-- Exercise details --
Here the job is to retype the data word for word while leaving the pictures aside.

-- Records for the exercise --
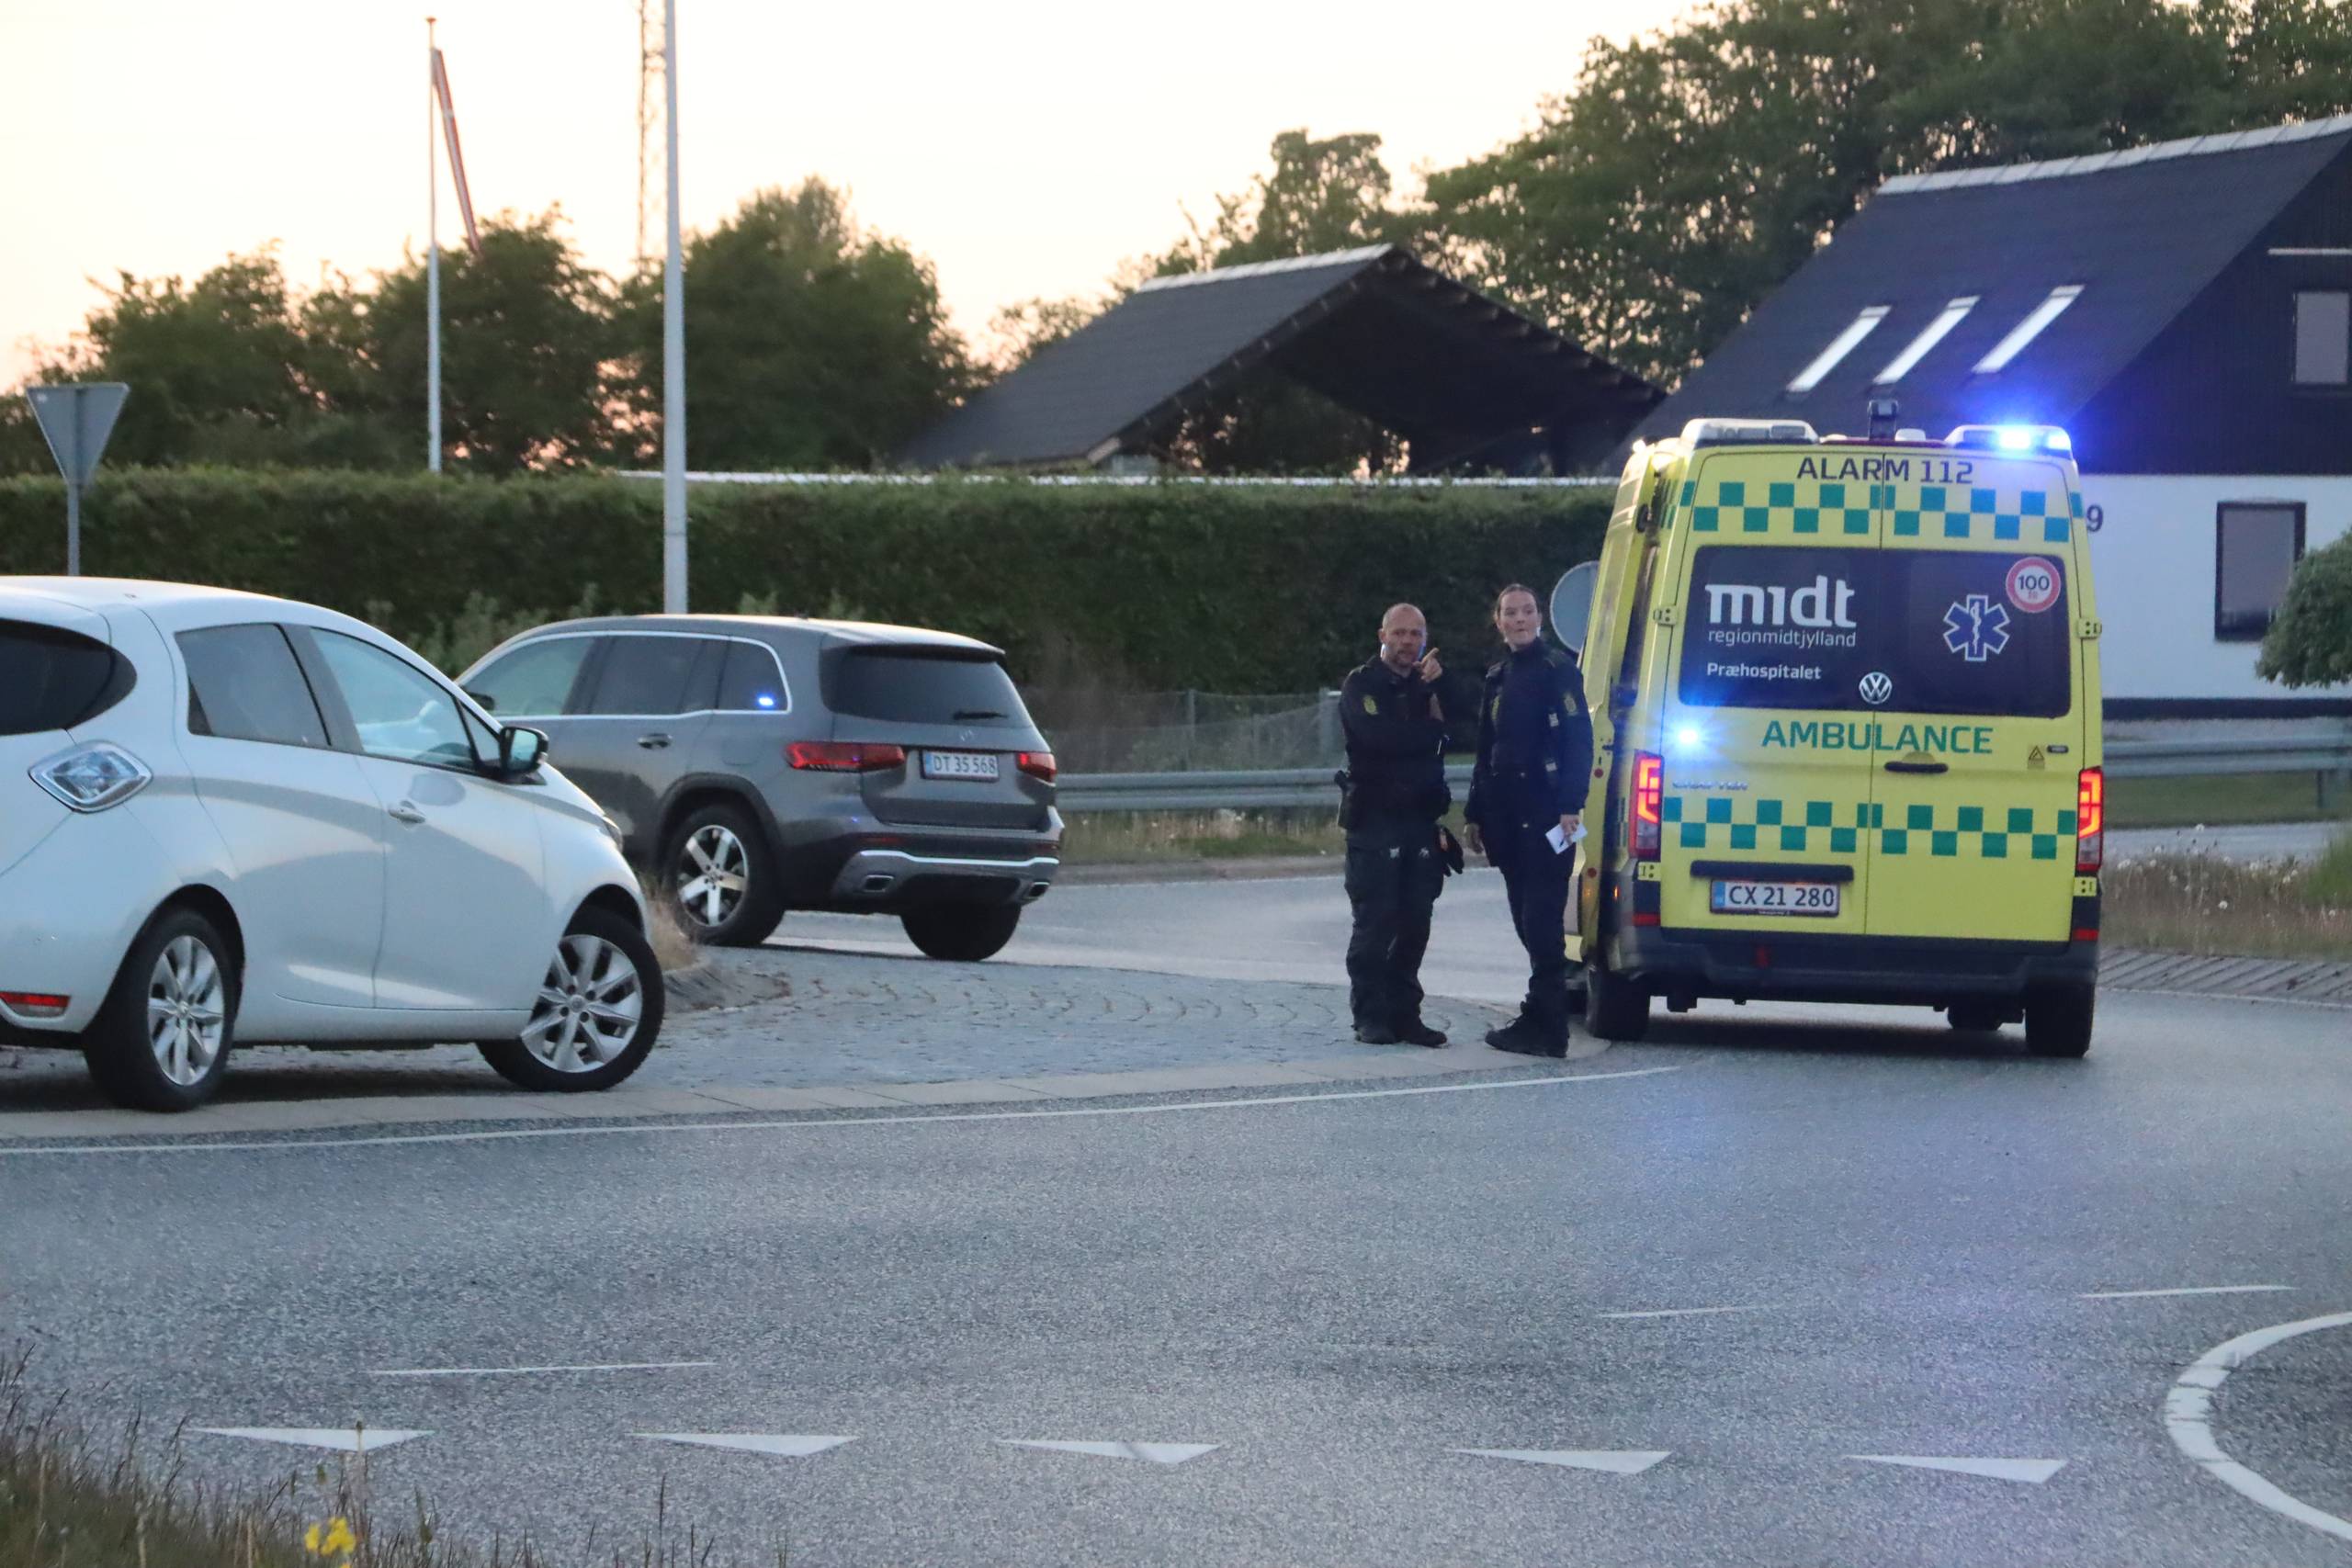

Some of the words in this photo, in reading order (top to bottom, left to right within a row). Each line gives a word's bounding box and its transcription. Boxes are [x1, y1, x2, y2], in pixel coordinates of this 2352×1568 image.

[1796, 457, 1909, 481] ALARM
[1920, 460, 1973, 484] 112
[2018, 575, 2050, 591] 100
[1704, 575, 1857, 627] midt
[1708, 628, 1857, 649] regionmidtjylland
[1706, 662, 1822, 681] Præhospitalet
[1761, 720, 1994, 754] AMBULANCE
[933, 756, 950, 772] DT
[955, 756, 970, 773] 35
[973, 757, 997, 773] 568
[1729, 886, 1757, 905] CX
[1764, 886, 1786, 906] 21
[1794, 887, 1835, 908] 280

-- Exercise response --
Some of the words in this photo, in reading order (top to bottom, left to right within a row). Each line gives a word's bounding box and its transcription. Boxes are [x1, y1, x2, y2], in pixel coordinates of this 2352×1568 image.

[1796, 457, 1909, 481] ALARM
[1920, 460, 1973, 484] 112
[2018, 575, 2050, 591] 100
[1704, 575, 1857, 627] midt
[1708, 628, 1857, 649] regionmidtjylland
[1706, 662, 1822, 681] Præhospitalet
[1761, 720, 1994, 754] AMBULANCE
[933, 756, 950, 772] DT
[955, 756, 970, 773] 35
[973, 757, 997, 773] 568
[1729, 886, 1757, 905] CX
[1764, 886, 1786, 906] 21
[1794, 887, 1835, 908] 280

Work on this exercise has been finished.